Note to readers: Hari Kondabolu filled this form out himself. Some may assume the fact it is not written in the first person means that perhaps someone from The Orient called Hari Kondabolu and then typed his responses. In actuality, Hari Kondabolu insisted on writing his own "DJ of the Week" column...just as he insisted The Orient's naming him "DJ of the Week" a mere 3 years after he graduated from Bowdoin. Hari Kondabolu also wrote this note.

What's the best album ever made?

HK: In high school, Hari Kondabolu would've easily said Weezer's self-titled debut record, a.k.a "The Blue Album." However, in college, Modest Mouse's "The Moon and Antarctica" caught Hari Kondabolu's heart, as did The Pixies' "Doolittle." He now refuses to answer this question.

Who's the greatest living musician?

HK: Hari Kondabolu has heard great things about Kelly Clarkson.

What's the best show you've seen live?

HK: Hari Kondabolu's best ever live musical experience was watching TV on the Radio at the Showbox in Seattle a year ago. He first saw them when they opened for the Pixies in New York City in December of 2004. He assumed watching the Pixies would be the greatest rock show of his life, and it was, for a moment. Until he saw TV on the Radio again. And again. And again...

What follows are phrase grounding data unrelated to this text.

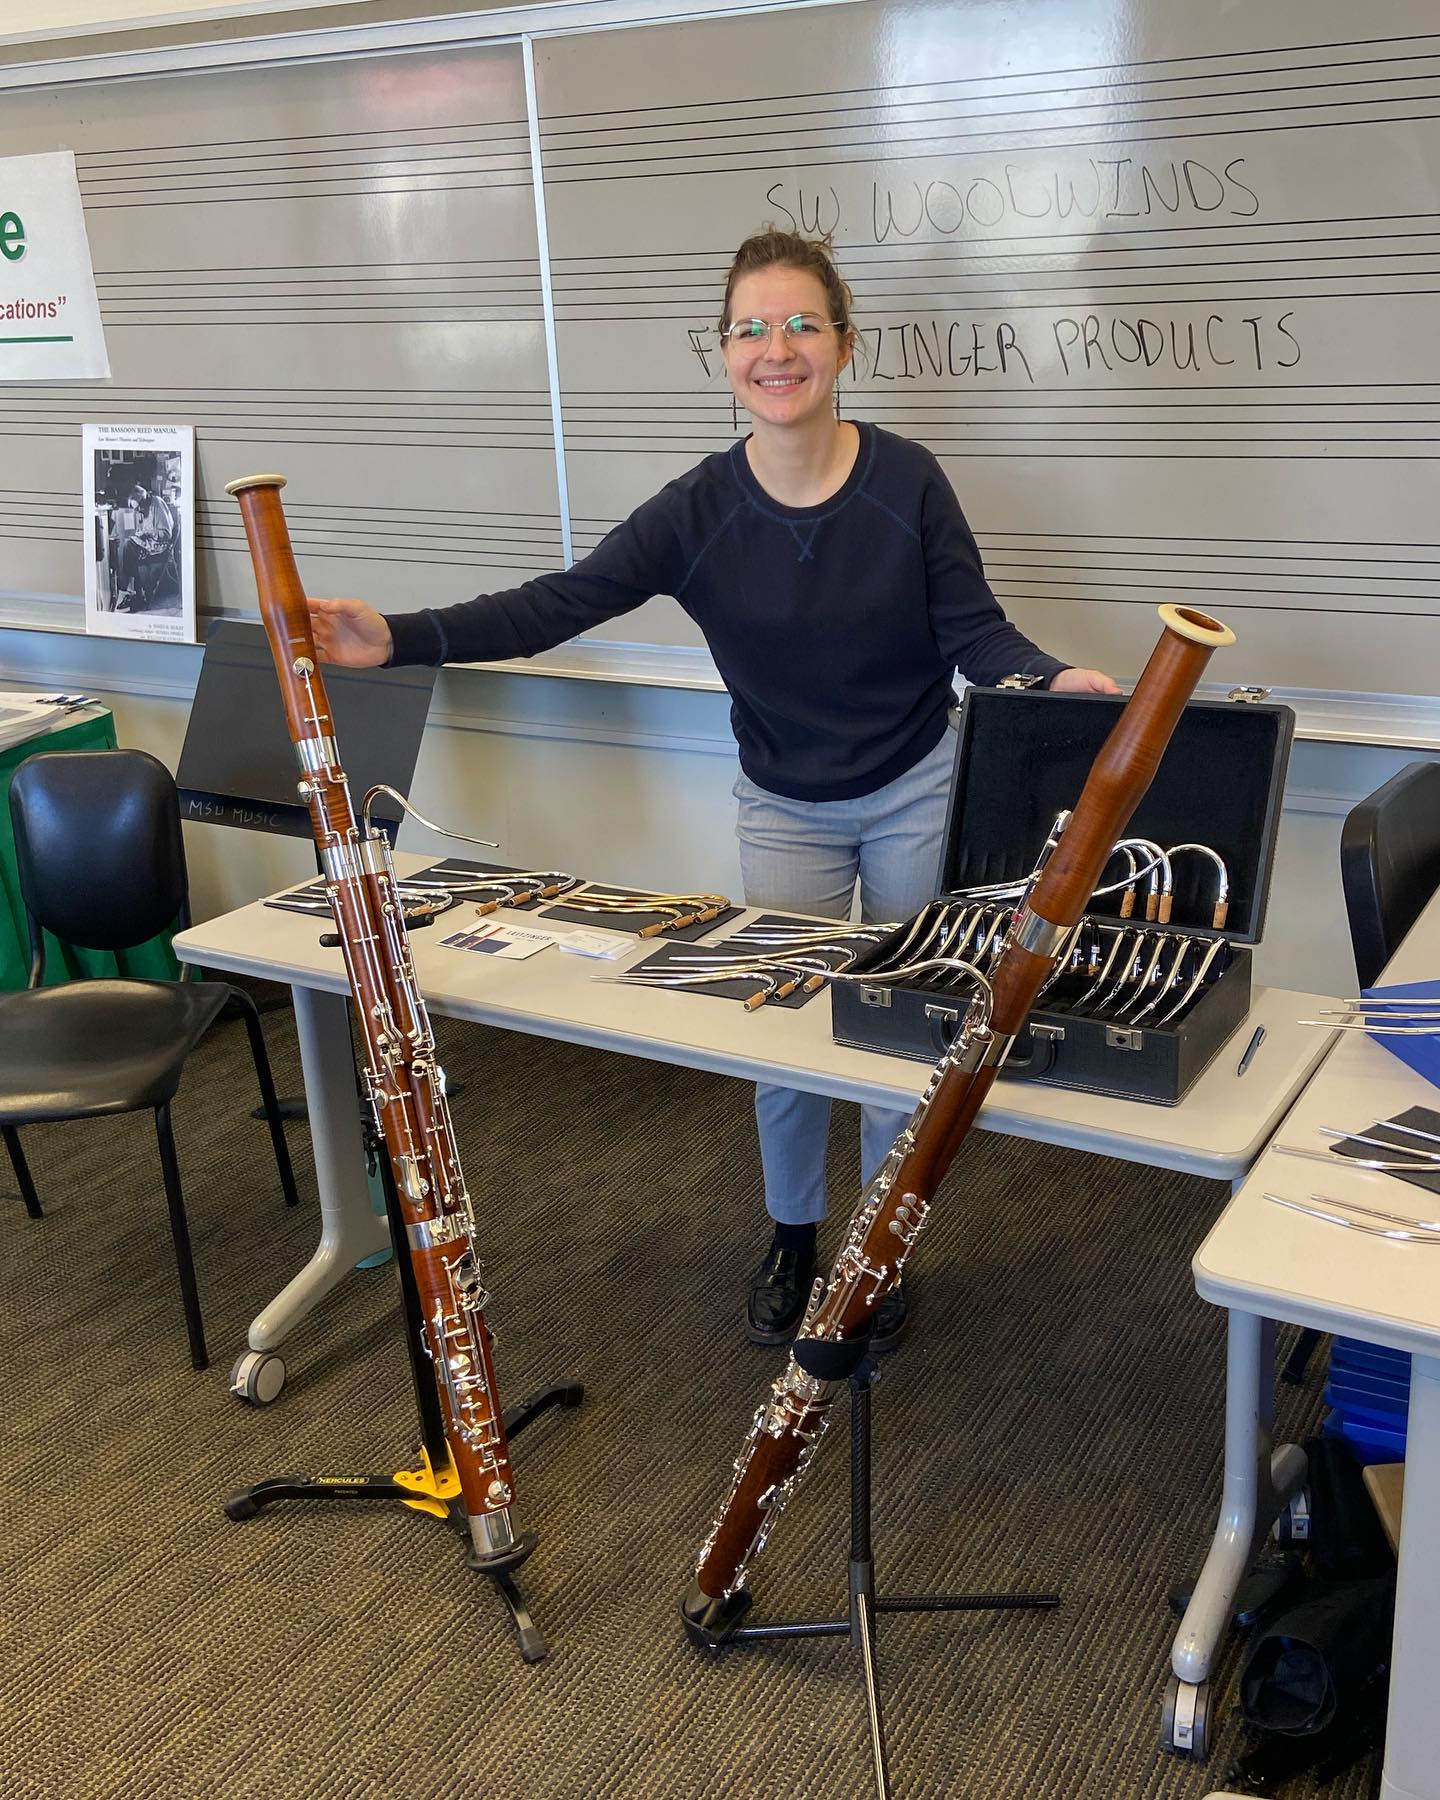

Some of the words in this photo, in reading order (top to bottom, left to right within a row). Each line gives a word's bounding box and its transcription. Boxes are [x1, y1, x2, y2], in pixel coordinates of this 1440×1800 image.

[767, 183, 848, 237] SW.
[873, 158, 1259, 243] WOODWINDS
[1053, 312, 1301, 377] PRODUCTS
[110, 426, 136, 434] BASSOON
[189, 799, 225, 816] MSU
[232, 808, 281, 827] MUSIC
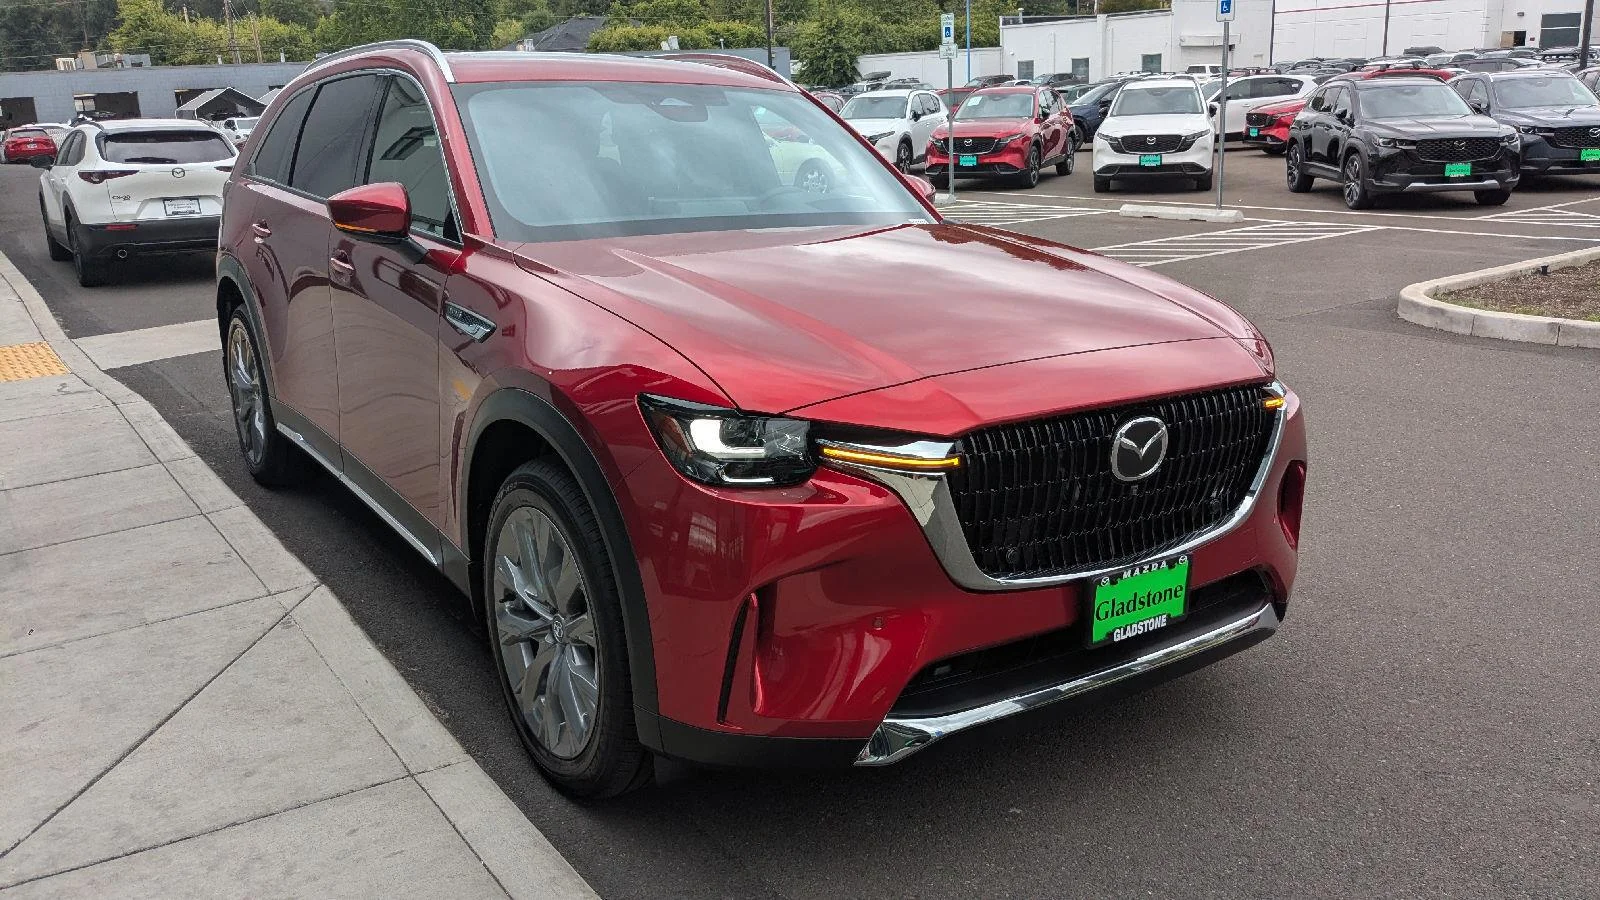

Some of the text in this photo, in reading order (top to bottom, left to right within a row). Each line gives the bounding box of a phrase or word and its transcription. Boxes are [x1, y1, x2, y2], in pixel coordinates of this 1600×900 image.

What's the first album you ever bought?

HK: For the longest time, Hari Kondabolu told people that his first album was Green Day's "Dookie." The truth of the matter is that it was Phil Collins's 1989 release "But Seriously."

"Seriously, Hari?"

"No...But Seriously."


What's your music guilty pleasure?

HK: Hari Kondabolu's first thought was to write A-Ha's "Take on Me." On his second thought, however, he realized how ridiculous his first thought was. How could the greatest song ever created be a "guilty pleasure?"

If you were the dictator of a small country, what would be your national anthem?

HK: Hari Kondabolu would never be a dictator of a small country. In his imagination, he would lead the revolution that overthrew the aforementioned dictator. The anthem of the revolution? "No Rest for the Weary" by The Blue Scholars. "When the colonizer came with the cross and the sword, I blew the first spear and said I declare war."

If you were onstage with a mic in front of thousands of screaming fans, what would you say?

HK: Hari Kondabolu would say, "Everyone shut up! I'm trying to tell my jokes."

They would be confused and angered.

He would then say to them, "I know that I'm an odd choice to open for Fall Out Boy, but these are the cards that were dealt to us. Now, here's a joke about diamonds."

Kondabolu, who was a radio host and student manager of WBOR 91.1 FM during his years at Bowdoin, will be a guest host on Karina van Schaardenburg's show, "Office Hours." The show will air on Wednesday from 3:30 to 5 p.m.